17 ARALIK 2021
Koronavirüs (COVID-19), dünya genelinde hızla can almaya devam ediyor! Virüsten, kendimizi ve sevdiklerimizi mümkün olduğunca izole ederek korunmaya çalışıyoruz. Aşı olarak, sosyal mesafelerimizi koruyarak, hijyen kurallarına sıkı sıkıya uyarak ve maskelerimizi evlerimizin dışında asla çıkartmamaya çalışarak. Umuyoruz bu zorlu günler sona erecek yakında.
Bazı salonlar yeni tedbirler uygulayarak kontrollü biçimde 2020 Temmuz ayından itibaren kapılarını açmışlardı. Kademeli ve kısmi olarak yeniden başlayan vizyona, 17 Kasım 2020 günü alınan bir dizi karar sonucu yeniden ara verildi. Covid-19 tedbirleri gereği sinema salonlarının önce yılsonuna, ardından belirsiz bir tarihe dek kapalı olacağı açıklandı. Ve tarih 2 Temmuz 2021’i gösterdiğinde salonlar yine izleyicileri ağırlamaya başlıyor; perdeler, umuyoruz bir daha kapanmamak üzere açılıyordu!
Siz değerli okuyucularla, henüz vizyon filmsiz kaldığı ilk günlerden bu yana, 2020 Mart ayından bu güne, artık hayatta olmayan canım ‘Sinema’ dergisindeki ‘Sinemadan Çıkmış İnsan’ adlı köşemde, geçmiş sayılarda yayınlanmış eski yazılarımı paylaşıyordum. Bir yıldan fazla zaman geçti. 5 Mart 2021’den itibarense, sinema salonları perdelerini açana dek, her yeni hafta, o tarihe ait eski ‘sinemadan çıkmış insan / vizyonda bu hafta köşeleri’ sizlerle buluşacağını söylemiştik ve buluşturduk da! ‘Tarihte bu haftaya’ baktık!
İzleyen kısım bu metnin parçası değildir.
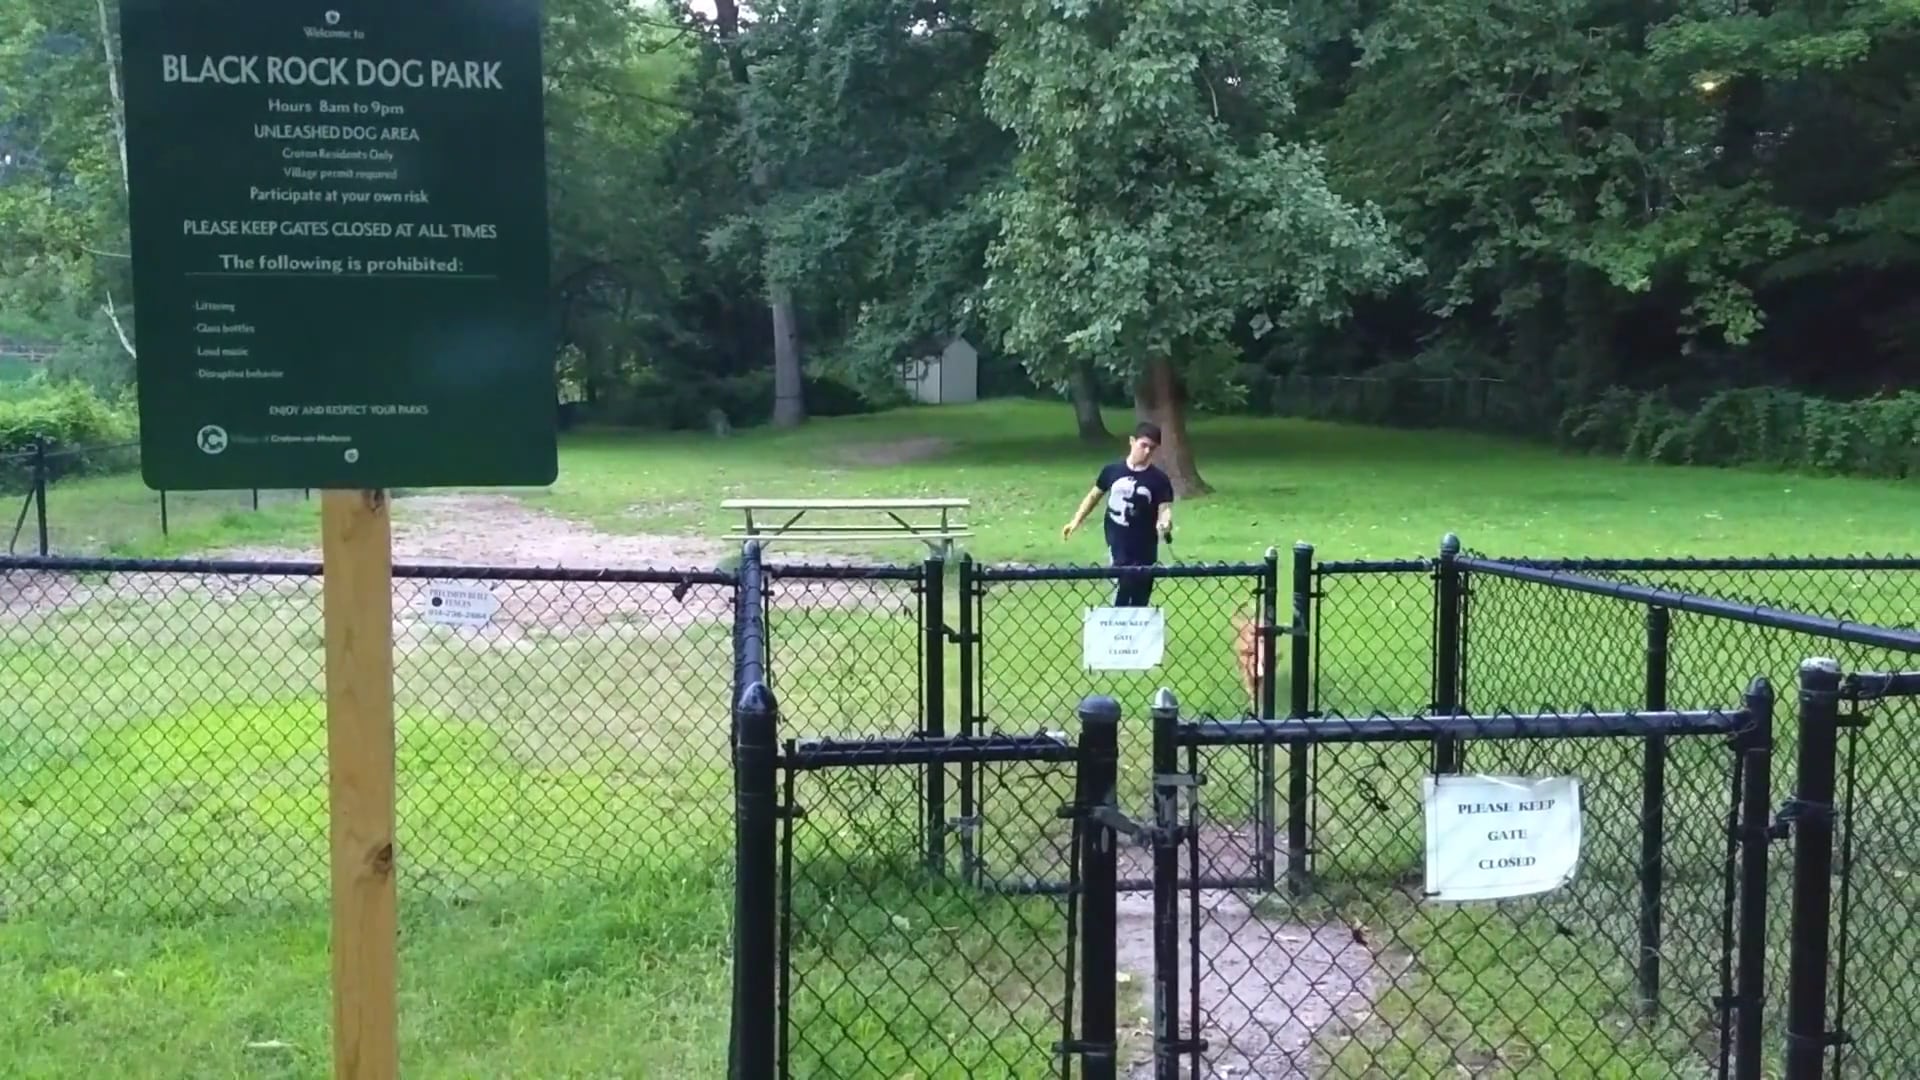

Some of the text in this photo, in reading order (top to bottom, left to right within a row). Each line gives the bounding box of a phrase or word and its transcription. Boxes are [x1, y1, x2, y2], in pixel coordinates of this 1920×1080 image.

Sinemalar açılmadan önce her hafta, naçizane iyi filmler ve diziler önerdik sizlere! ‘Önce Tavsiyeler’ adlı bu yeni bölüm, sizlere her hafta sinema tarihinden 5 klasik film ve popüler olsun olmasın; ‘Sinemadan Çıkmış İnsan’ın beğendiği ‘güncelleri’ önerdi! Klasik film önerilerine devam edeceğiz!
ÖNCE TAVSİYELER…
SİNEMA TARİHİNDEN 5 KLASİK
La Terre Trema
(Yönetmen: Luchino Visconti / 1948)
Händler der vier Jahreszeiten / Dört Mevsim Satıcısı
(Yönetmen: Rainer Werner Fassbinder / 1972)
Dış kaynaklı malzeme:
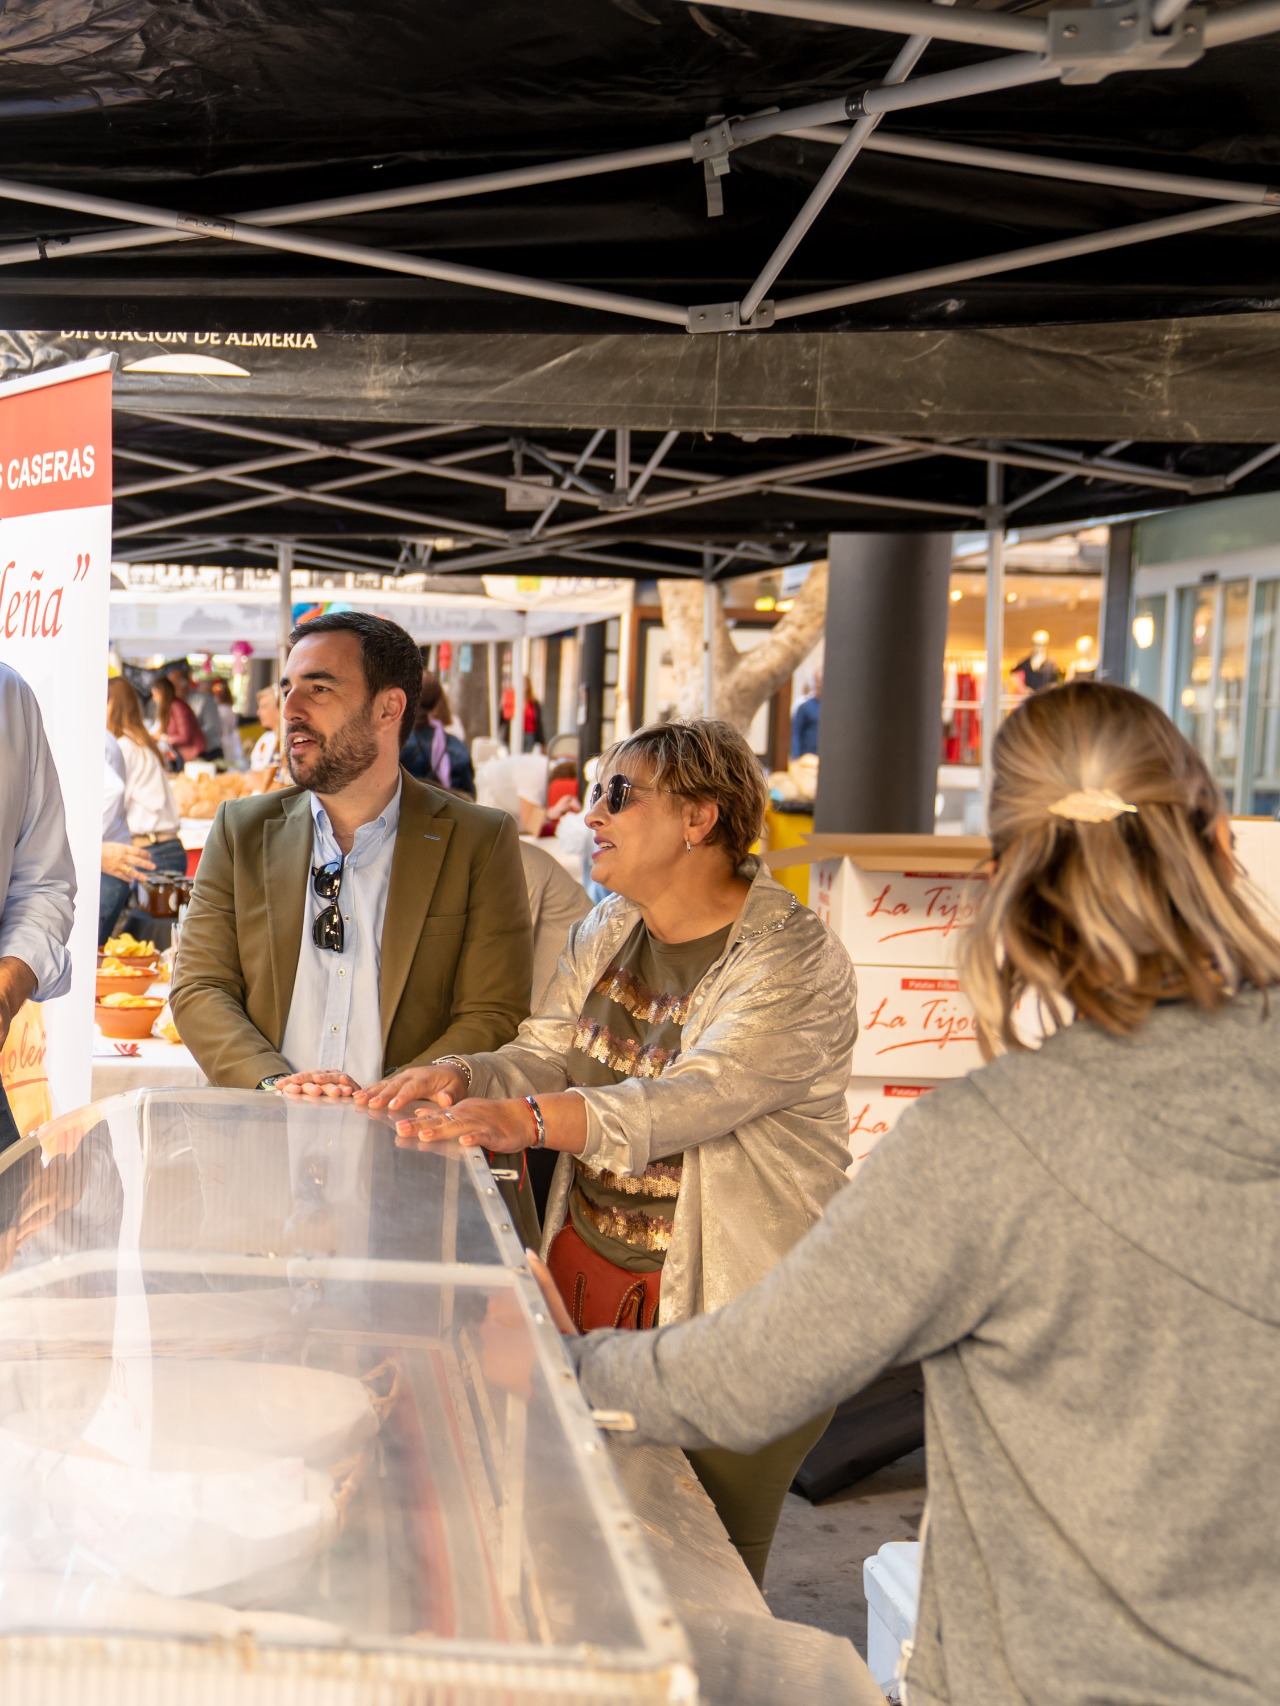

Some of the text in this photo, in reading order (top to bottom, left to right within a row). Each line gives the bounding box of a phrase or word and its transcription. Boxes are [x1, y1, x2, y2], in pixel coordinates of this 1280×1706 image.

La guerre est finie / Savaş Bitti
(Yönetmen: Alain Resnais / 1966)
Seconds / İki Yüzlü Adam
(Yönetmen: John Frankenheimer / 1966)
Shock Corridor
(Yöenetmen: Samuel Fuller / 1963)
Vizyonda bu hafta (17 Aralık 2021)
Biri yerli yapım olmak üzere, beş yeni filme merhaba diyor yeni hafta!
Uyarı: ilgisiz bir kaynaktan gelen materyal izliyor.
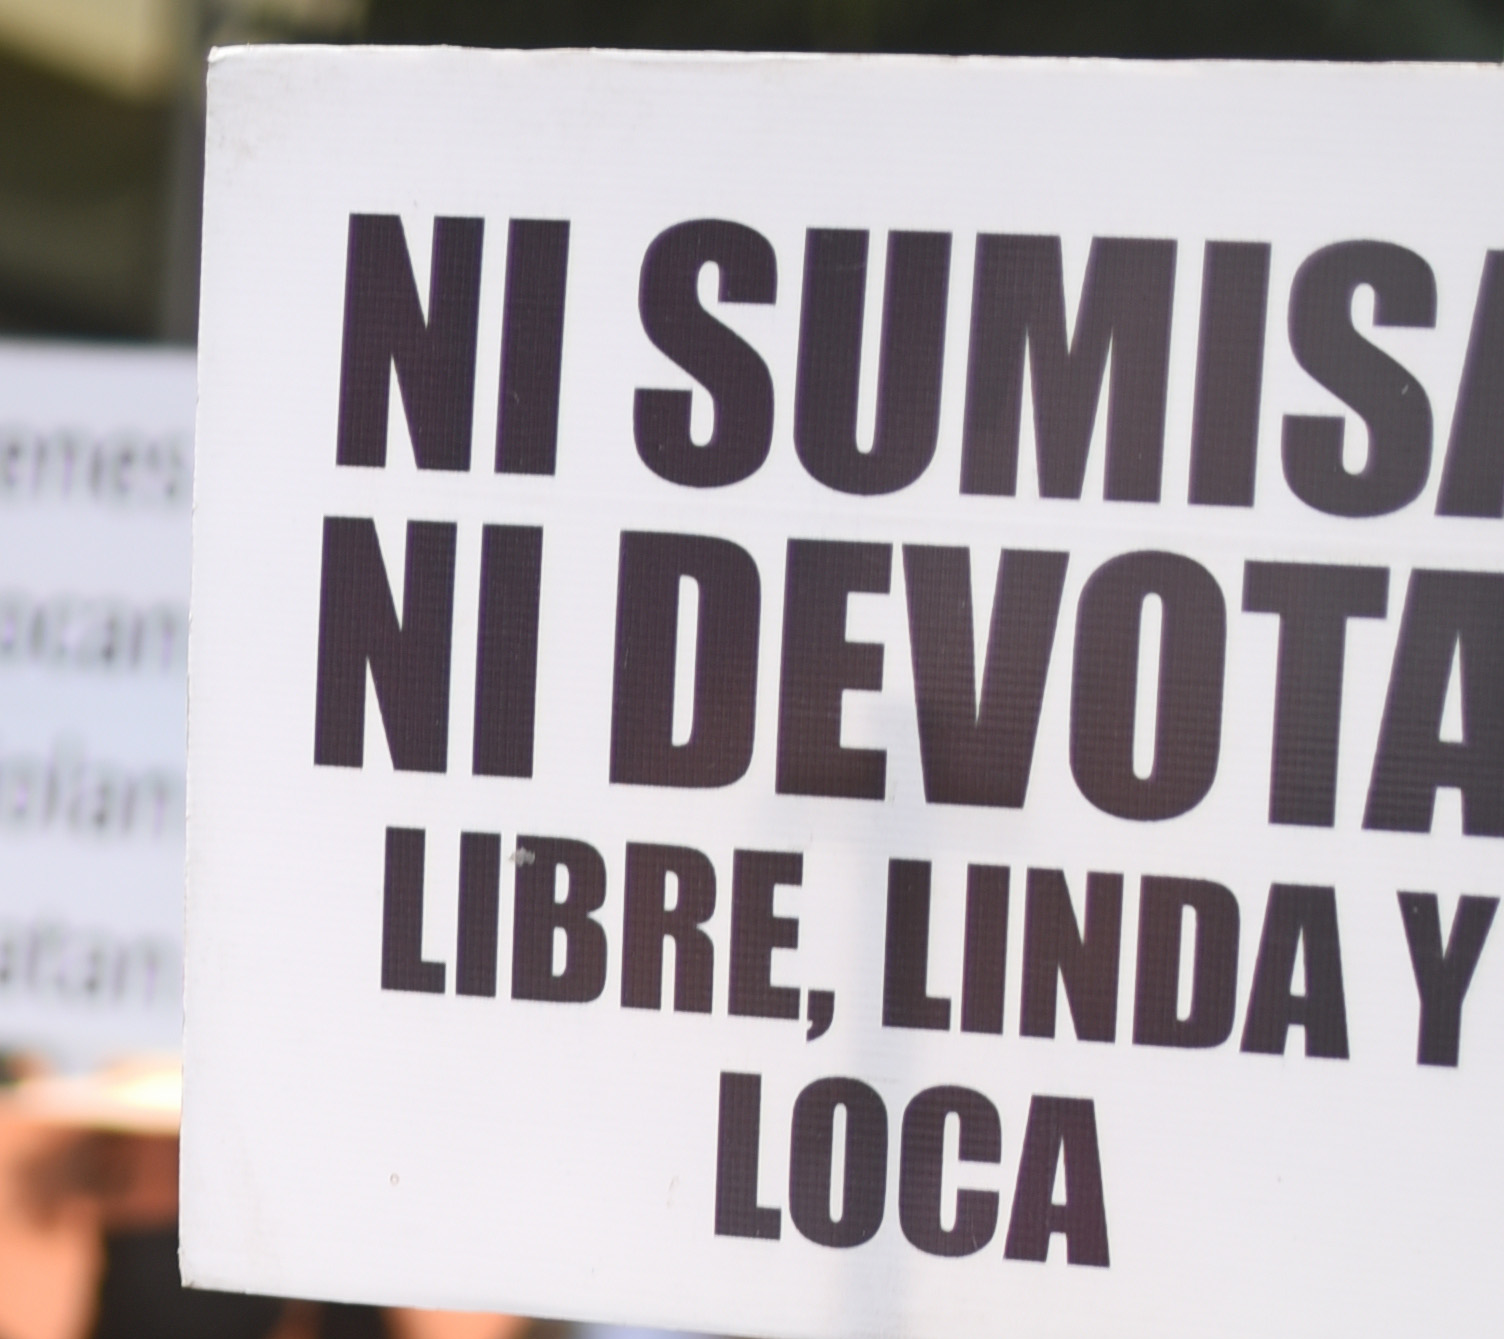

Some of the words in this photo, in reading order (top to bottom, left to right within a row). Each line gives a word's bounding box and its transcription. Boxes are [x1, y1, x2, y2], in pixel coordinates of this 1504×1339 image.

‘Spider-Man: No Way Home / Örümcek-Adam: Eve Dönüş Yok’ haftanın notlarımızda yer alan tek filmi…
ÖRÜMCEK-ADAM: EVE DÖNÜŞ YOK
-Çoklu evren macerası-
Yeni filmde farklı evrenlerden ‘Spider-Man’ / ‘Örümcek-Adam’ tarihinin üç ismi bir arada! Öncelikle biraz bilgi… Karakterin ‘asıl çocuk’ olarak kendi öz maceralarını yaşadığı sekizinci filmi duruyor perdede. Peter Parker’ın gizli kimliği olan ‘Örümcek Adam’, Marvel Comics’e bağlı Stan Lee ve Steve Ditko tarafından yaratılmış kurgusal bir kahraman. İlk defa Marvel Comics’in ‘Amazing Fantasy’ isimli çizgi romanının 15. sayısında 1962 yazında ortaya çıkmış. O günden bu yana, Superman ve Batman ile birlikte dünyanın en popüler süper kahramanları arasında yer alıyor. Örümcek Adam karakteri çizgi roman ve dizilerde, çizgi filmlerde ve 70’li yıllarda TV filmi olarak, ardından da büyük bütçeli Hollywood filmlerinde buluştu hayranlarıyla. 1977 tarihli TV dizisi ‘The Amazing Spider-Man’da sevilen karakteri Nicholas Hammond canlandırdı. Beyazperdede ise Sam Raimi üçlemesi olarak bilinen 2002, 2004 ve 2007 tarihli filmlerde Tobey Maguire, 2012 ve 2014’te Marc Webb’in yönettiği iki filmde Andrew Garfield, 2017, 2019 ve şimdi nihayet 2021’de yönetmen koltuğunda Jon Watts’ın oturduğu üç serüvende genç İngiliz aktör Tom Holland yer aldı Spider-Man rollerinde…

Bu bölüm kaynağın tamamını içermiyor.